<<<<
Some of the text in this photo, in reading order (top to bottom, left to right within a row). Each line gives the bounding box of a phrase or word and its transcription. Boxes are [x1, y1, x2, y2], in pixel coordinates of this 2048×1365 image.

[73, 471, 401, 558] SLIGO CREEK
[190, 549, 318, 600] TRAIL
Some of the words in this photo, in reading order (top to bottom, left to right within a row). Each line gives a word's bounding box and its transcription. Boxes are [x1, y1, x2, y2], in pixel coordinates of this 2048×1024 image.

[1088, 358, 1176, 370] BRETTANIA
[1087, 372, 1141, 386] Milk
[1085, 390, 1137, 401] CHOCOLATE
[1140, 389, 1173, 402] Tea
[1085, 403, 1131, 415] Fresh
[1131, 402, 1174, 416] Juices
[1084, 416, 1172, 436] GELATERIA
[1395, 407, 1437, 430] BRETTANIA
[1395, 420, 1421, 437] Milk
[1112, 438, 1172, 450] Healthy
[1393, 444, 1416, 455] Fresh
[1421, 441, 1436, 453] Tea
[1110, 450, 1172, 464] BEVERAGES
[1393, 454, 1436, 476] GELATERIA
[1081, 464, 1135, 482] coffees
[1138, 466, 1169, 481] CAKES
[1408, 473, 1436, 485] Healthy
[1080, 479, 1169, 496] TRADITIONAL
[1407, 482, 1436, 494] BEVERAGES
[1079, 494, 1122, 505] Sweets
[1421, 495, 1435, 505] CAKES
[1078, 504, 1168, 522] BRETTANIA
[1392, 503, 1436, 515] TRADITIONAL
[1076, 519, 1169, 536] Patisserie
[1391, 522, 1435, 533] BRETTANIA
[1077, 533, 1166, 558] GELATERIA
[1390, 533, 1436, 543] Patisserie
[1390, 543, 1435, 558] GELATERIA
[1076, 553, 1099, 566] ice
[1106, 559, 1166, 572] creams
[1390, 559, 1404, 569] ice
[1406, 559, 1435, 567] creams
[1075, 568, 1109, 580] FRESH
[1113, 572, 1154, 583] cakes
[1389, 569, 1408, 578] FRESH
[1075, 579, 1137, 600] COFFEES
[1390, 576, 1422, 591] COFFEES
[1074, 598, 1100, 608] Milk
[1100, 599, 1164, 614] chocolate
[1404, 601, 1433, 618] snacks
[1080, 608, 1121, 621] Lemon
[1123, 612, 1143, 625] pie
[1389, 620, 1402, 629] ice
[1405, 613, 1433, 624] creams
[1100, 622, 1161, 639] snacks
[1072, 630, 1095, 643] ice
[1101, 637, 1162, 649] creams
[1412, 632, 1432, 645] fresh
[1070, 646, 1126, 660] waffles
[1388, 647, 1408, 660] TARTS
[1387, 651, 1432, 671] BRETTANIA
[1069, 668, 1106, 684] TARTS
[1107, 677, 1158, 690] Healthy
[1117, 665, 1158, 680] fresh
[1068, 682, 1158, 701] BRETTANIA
>>>>
### Exercise
All of the data must be written out again, exactly as it stands.

### Answer section
Some of the text in this photo, in reading order (top to bottom, left to right within a row). Each line gives the bounding box of a phrase or word and its transcription. Boxes are [x1, y1, x2, y2], in pixel coordinates of this 2048×1365 image.

[73, 471, 401, 558] SLIGO CREEK
[190, 549, 318, 600] TRAIL
Some of the words in this photo, in reading order (top to bottom, left to right within a row). Each line gives a word's bounding box and its transcription. Boxes are [x1, y1, x2, y2], in pixel coordinates of this 2048×1024 image.

[1088, 358, 1176, 370] BRETTANIA
[1087, 372, 1141, 386] Milk
[1085, 390, 1137, 401] CHOCOLATE
[1140, 389, 1173, 402] Tea
[1085, 403, 1131, 415] Fresh
[1131, 402, 1174, 416] Juices
[1084, 416, 1172, 436] GELATERIA
[1395, 407, 1437, 430] BRETTANIA
[1395, 420, 1421, 437] Milk
[1112, 438, 1172, 450] Healthy
[1393, 444, 1416, 455] Fresh
[1421, 441, 1436, 453] Tea
[1110, 450, 1172, 464] BEVERAGES
[1393, 454, 1436, 476] GELATERIA
[1081, 464, 1135, 482] coffees
[1138, 466, 1169, 481] CAKES
[1408, 473, 1436, 485] Healthy
[1080, 479, 1169, 496] TRADITIONAL
[1407, 482, 1436, 494] BEVERAGES
[1079, 494, 1122, 505] Sweets
[1421, 495, 1435, 505] CAKES
[1078, 504, 1168, 522] BRETTANIA
[1392, 503, 1436, 515] TRADITIONAL
[1076, 519, 1169, 536] Patisserie
[1391, 522, 1435, 533] BRETTANIA
[1077, 533, 1166, 558] GELATERIA
[1390, 533, 1436, 543] Patisserie
[1390, 543, 1435, 558] GELATERIA
[1076, 553, 1099, 566] ice
[1106, 559, 1166, 572] creams
[1390, 559, 1404, 569] ice
[1406, 559, 1435, 567] creams
[1075, 568, 1109, 580] FRESH
[1113, 572, 1154, 583] cakes
[1389, 569, 1408, 578] FRESH
[1075, 579, 1137, 600] COFFEES
[1390, 576, 1422, 591] COFFEES
[1074, 598, 1100, 608] Milk
[1100, 599, 1164, 614] chocolate
[1404, 601, 1433, 618] snacks
[1080, 608, 1121, 621] Lemon
[1123, 612, 1143, 625] pie
[1389, 620, 1402, 629] ice
[1405, 613, 1433, 624] creams
[1100, 622, 1161, 639] snacks
[1072, 630, 1095, 643] ice
[1101, 637, 1162, 649] creams
[1412, 632, 1432, 645] fresh
[1070, 646, 1126, 660] waffles
[1388, 647, 1408, 660] TARTS
[1387, 651, 1432, 671] BRETTANIA
[1069, 668, 1106, 684] TARTS
[1107, 677, 1158, 690] Healthy
[1117, 665, 1158, 680] fresh
[1068, 682, 1158, 701] BRETTANIA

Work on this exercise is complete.